» **EXERCISE GOAL**
Look for the line that contains "this 1500×2000 image."; output that line and every line after it exactly, through the final line of the material below, and nothing else.

» **THE DATA**
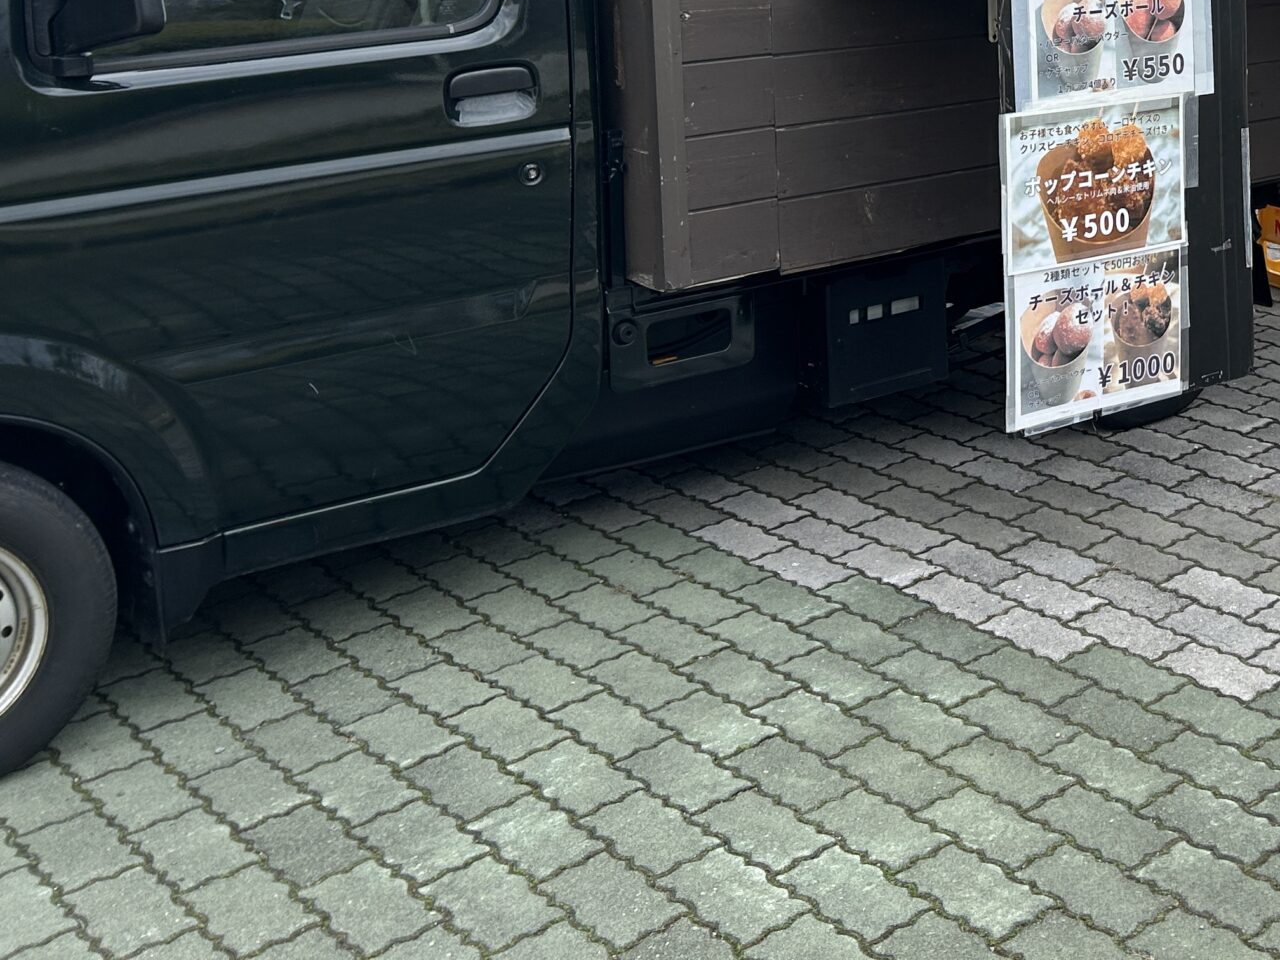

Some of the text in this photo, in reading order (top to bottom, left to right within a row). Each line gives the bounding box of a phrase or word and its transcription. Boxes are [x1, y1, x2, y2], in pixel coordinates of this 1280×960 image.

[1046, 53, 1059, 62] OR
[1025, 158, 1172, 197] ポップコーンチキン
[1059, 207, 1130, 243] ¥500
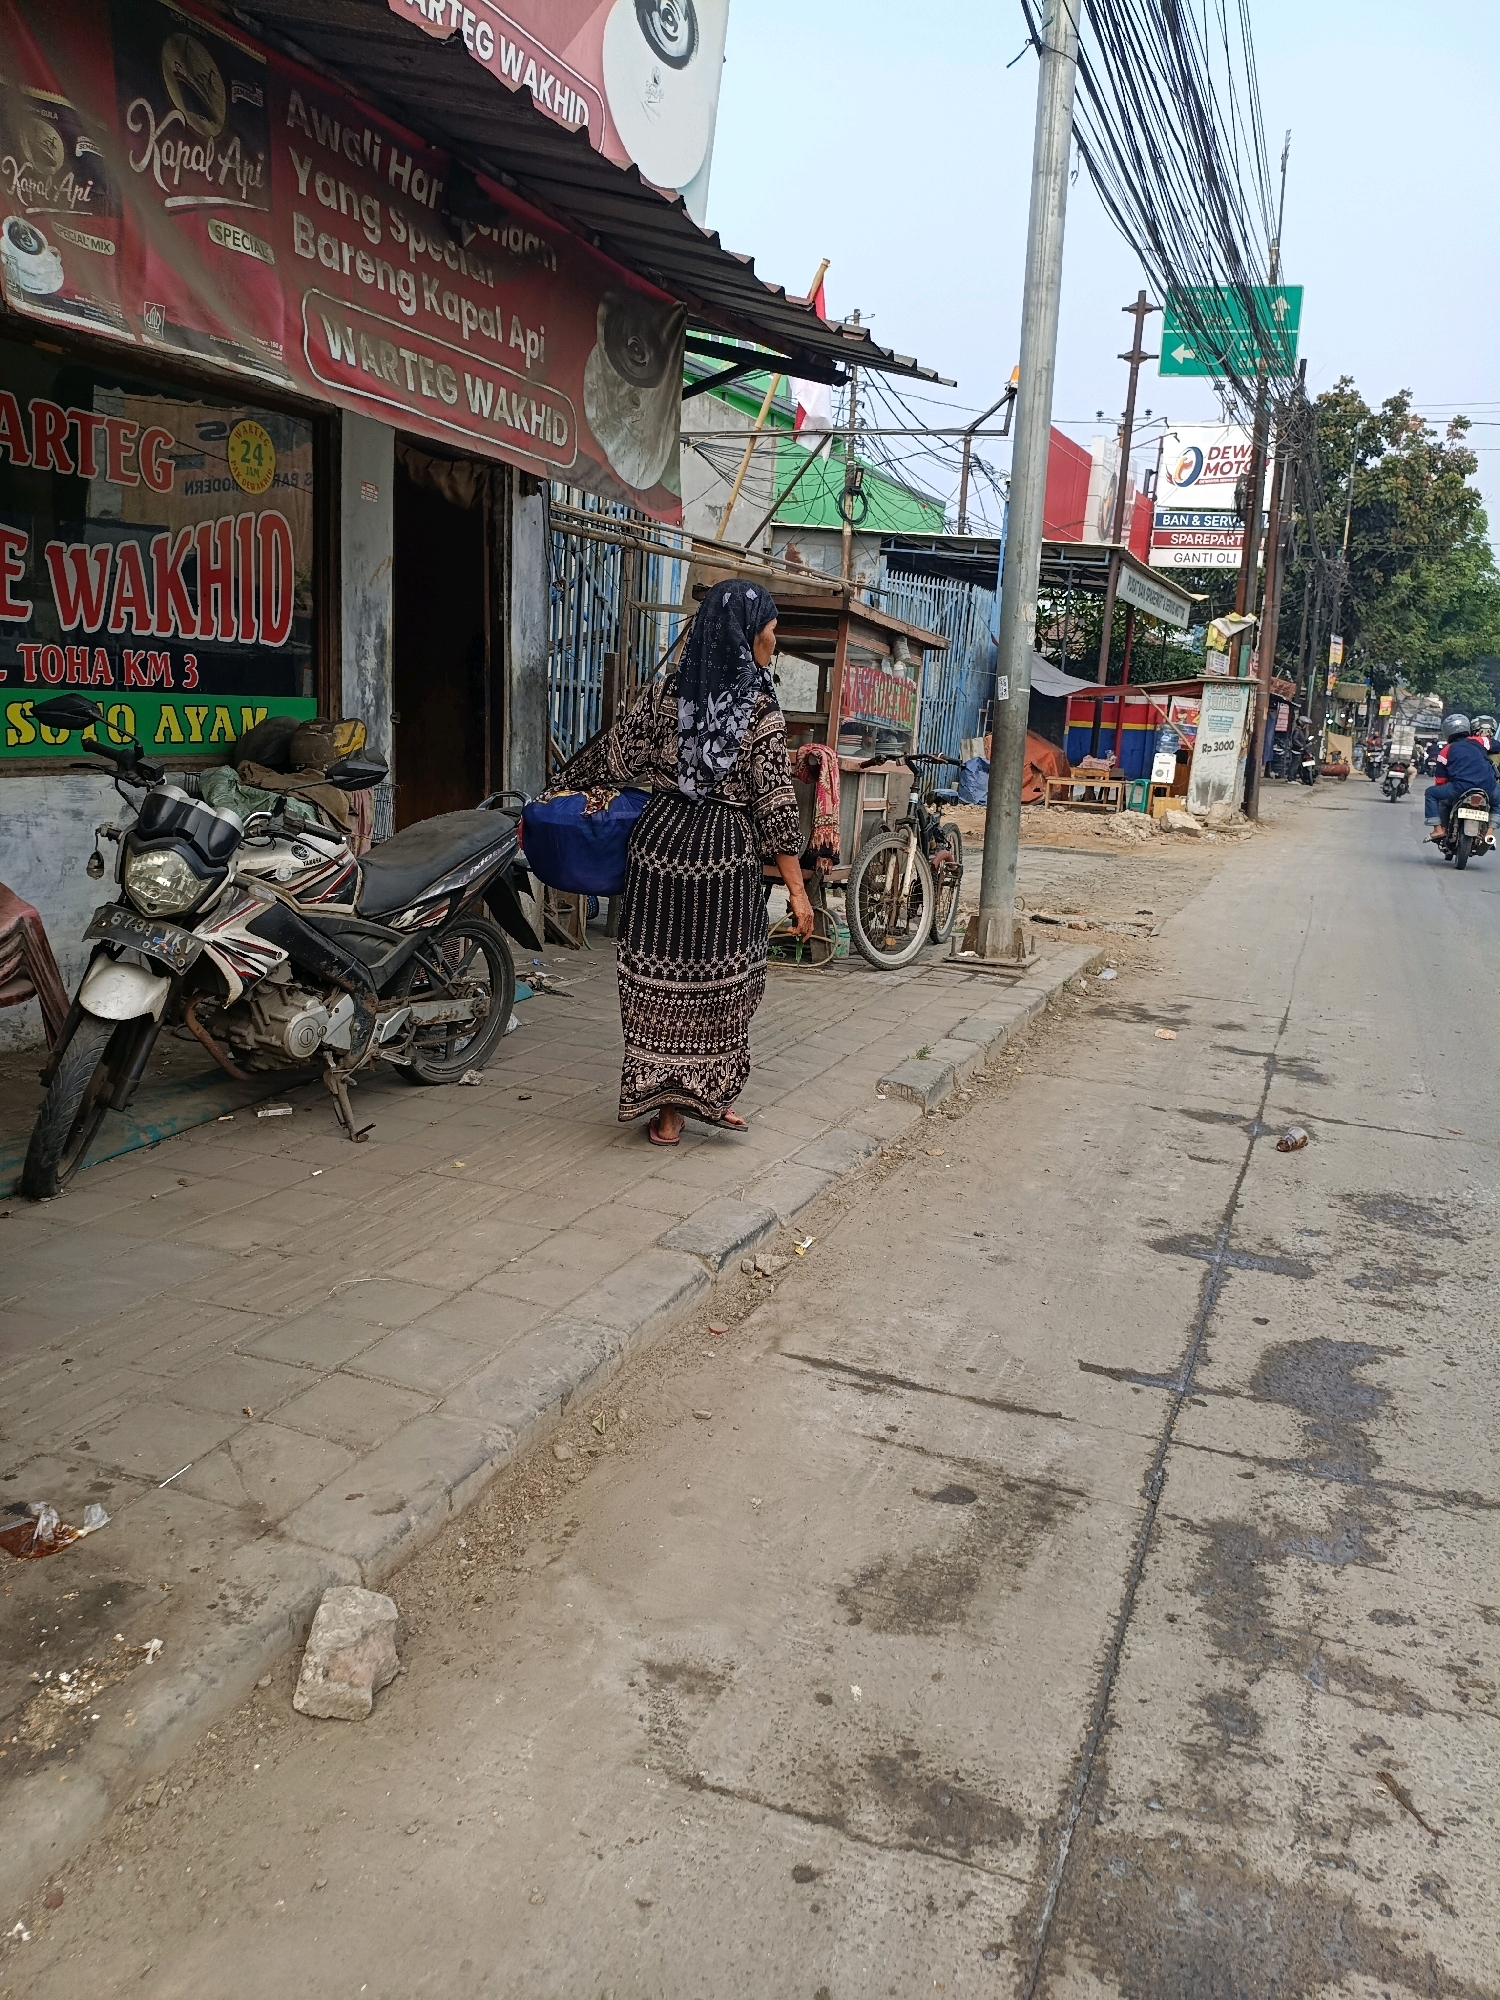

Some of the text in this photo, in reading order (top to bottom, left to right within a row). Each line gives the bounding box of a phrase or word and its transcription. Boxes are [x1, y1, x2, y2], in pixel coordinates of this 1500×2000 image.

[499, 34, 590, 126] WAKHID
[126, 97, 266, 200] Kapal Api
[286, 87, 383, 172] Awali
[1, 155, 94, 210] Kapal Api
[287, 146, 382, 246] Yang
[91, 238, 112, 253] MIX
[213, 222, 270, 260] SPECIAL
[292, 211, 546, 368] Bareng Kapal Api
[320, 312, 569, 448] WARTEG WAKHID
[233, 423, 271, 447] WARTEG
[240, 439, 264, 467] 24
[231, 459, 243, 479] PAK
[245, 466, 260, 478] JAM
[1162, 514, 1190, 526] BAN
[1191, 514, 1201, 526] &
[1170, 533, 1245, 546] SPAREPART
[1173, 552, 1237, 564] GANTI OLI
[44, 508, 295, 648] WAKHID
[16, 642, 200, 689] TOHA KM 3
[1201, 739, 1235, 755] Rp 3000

» **REPLY TO THE EXERCISE**
Some of the text in this photo, in reading order (top to bottom, left to right within a row). Each line gives the bounding box of a phrase or word and its transcription. Boxes are [x1, y1, x2, y2], in pixel coordinates of this 1500×2000 image.

[499, 34, 590, 126] WAKHID
[126, 97, 266, 200] Kapal Api
[286, 87, 383, 172] Awali
[1, 155, 94, 210] Kapal Api
[287, 146, 382, 246] Yang
[91, 238, 112, 253] MIX
[213, 222, 270, 260] SPECIAL
[292, 211, 546, 368] Bareng Kapal Api
[320, 312, 569, 448] WARTEG WAKHID
[233, 423, 271, 447] WARTEG
[240, 439, 264, 467] 24
[231, 459, 243, 479] PAK
[245, 466, 260, 478] JAM
[1162, 514, 1190, 526] BAN
[1191, 514, 1201, 526] &
[1170, 533, 1245, 546] SPAREPART
[1173, 552, 1237, 564] GANTI OLI
[44, 508, 295, 648] WAKHID
[16, 642, 200, 689] TOHA KM 3
[1201, 739, 1235, 755] Rp 3000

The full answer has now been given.